Molecular Mechanisms That Link Oxidative Stress, Inflammation, and Fibrosis in the Liver

Activated hepatic stellate cells (HSCs) and myofibroblasts are the main producers of extracellular matrix (ECM) proteins that form the fibrotic tissue that leads to hepatic fibrosis. Reactive oxygen species (ROS) can directly activate HSCs or induce inflammation or programmed cell death, especially pyroptosis, in hepatocytes, which in turn activates HSCs and fibroblasts to produce ECM proteins. Therefore, antioxidants and the nuclear factor E2-related factor-2 signaling pathway play critical roles in modulating the profibrogenic response.
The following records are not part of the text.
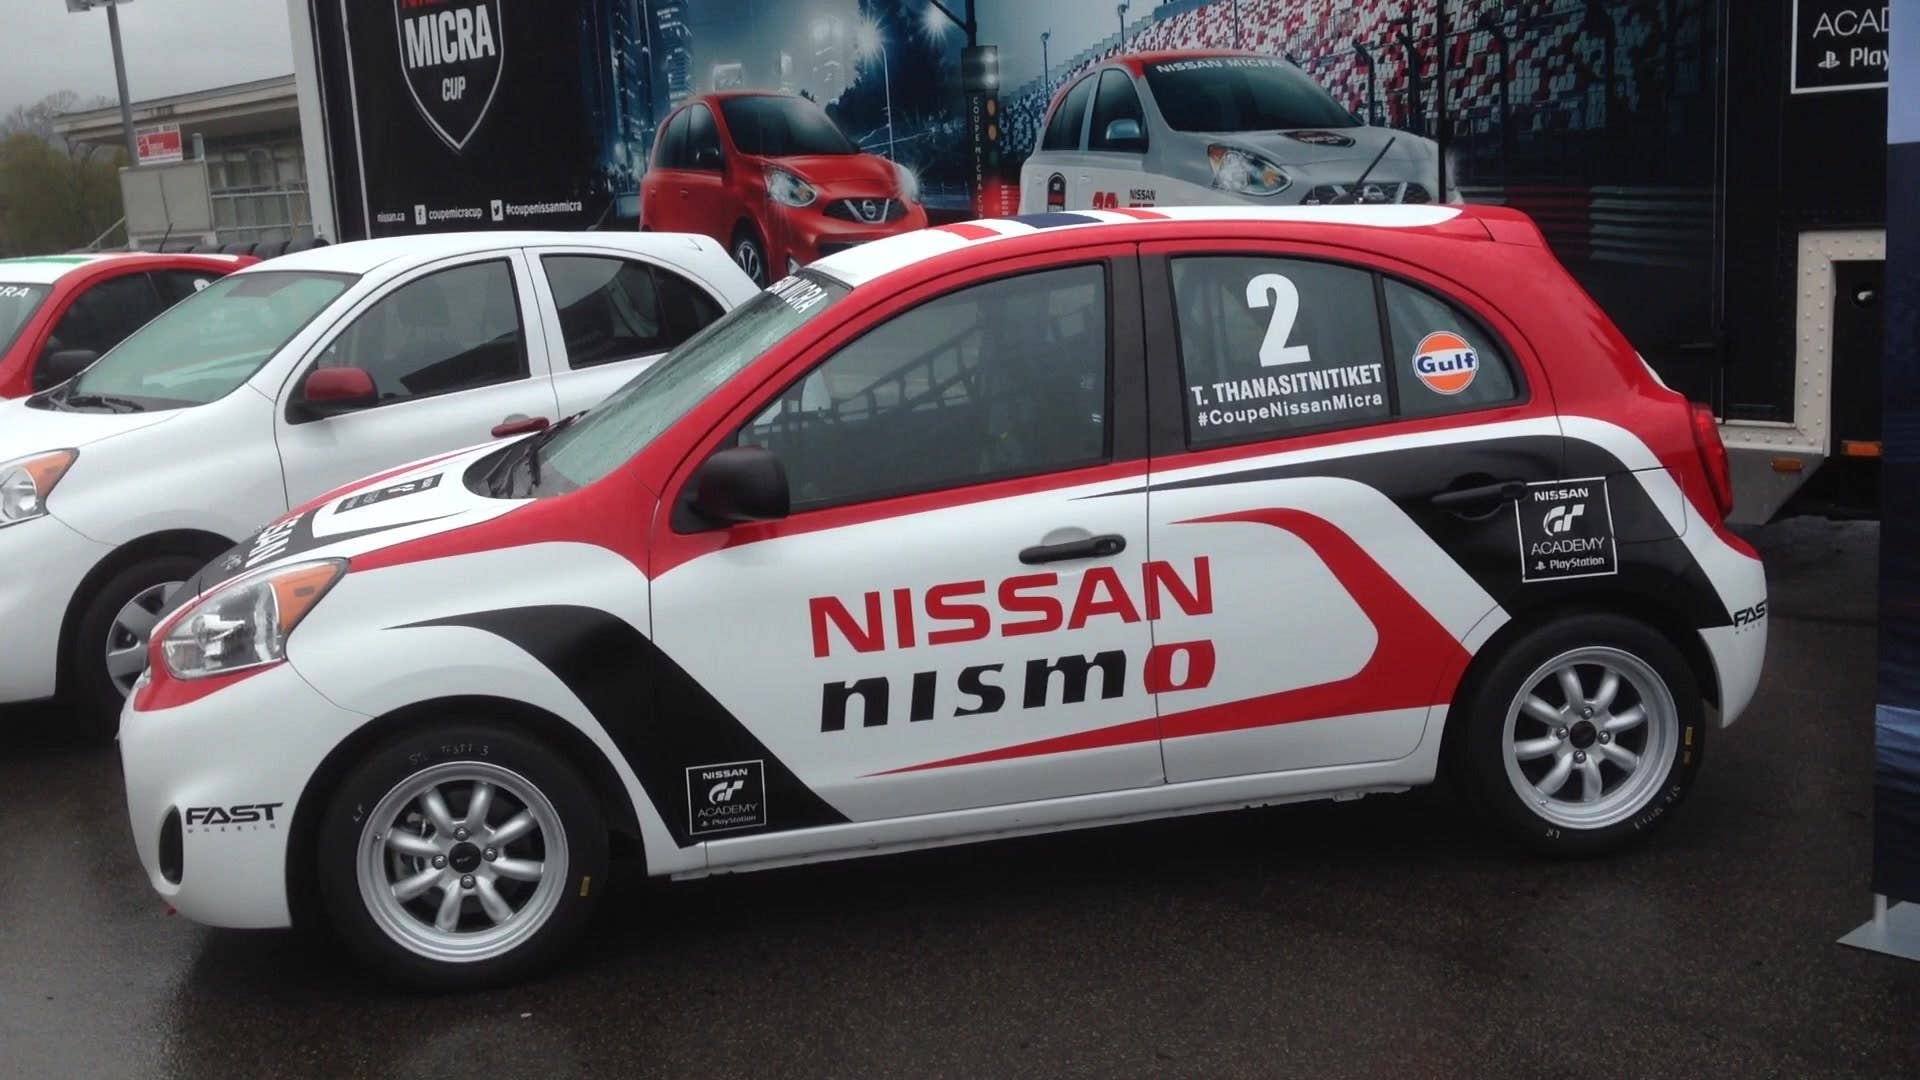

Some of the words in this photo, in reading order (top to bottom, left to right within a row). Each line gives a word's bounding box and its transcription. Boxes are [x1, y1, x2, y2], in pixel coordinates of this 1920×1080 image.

[404, 4, 496, 69] MICRA
[1156, 60, 1223, 73] NISSAN
[442, 76, 466, 102] CUP
[1129, 189, 1156, 201] NISSAN
[377, 211, 405, 223] nissan.ca
[428, 207, 483, 221] coupemicracup
[506, 200, 582, 216] #coupenissanmicra
[0, 285, 31, 298] RA
[1246, 273, 1311, 367] 2
[1416, 352, 1476, 374] Gulf
[1191, 385, 1208, 405] T.
[1213, 364, 1382, 402] THANASITNITIKET
[1198, 393, 1382, 427] #CoupeNissanMicra
[1534, 488, 1589, 501] NISSAN
[1531, 537, 1604, 555] ACADEMY
[1550, 556, 1605, 570] PlayStation
[809, 556, 1213, 658] NISSAN
[1734, 601, 1767, 628] FAS
[821, 640, 1216, 733] nismo
[702, 768, 748, 780] NISSAN
[186, 802, 284, 825] FAST
[698, 802, 758, 818] ACADEMY
The master proinflammatory factors nuclear factor-κB (NF-κB) and the nucleotide-binding oligomerization domain (NOD)-like receptor protein 3 (NLRP3) inflammasome may coordinate to produce and activate profibrogenic molecules such as interleukins 1β and 18, which effectively activate HSCs, to produce large amounts of fibrotic proteins. Furthermore, the NLRP3 inflammasome activates pro-caspase 1, which is upregulated by NF-κB, to produce caspase 1, which induces pyroptosis via gasdermin and the activation of HSCs. ROS play central roles in the activation of the NF-κB and NLRP3 signaling pathways via IκB (an inhibitor of NF-κB) and thioredoxin-interacting protein, respectively, thereby linking the molecular mechanisms of oxidative stress, inflammation and fibrosis. Elucidating these molecular pathways may pave the way for the development of therapeutic tools to interfere with specific targets.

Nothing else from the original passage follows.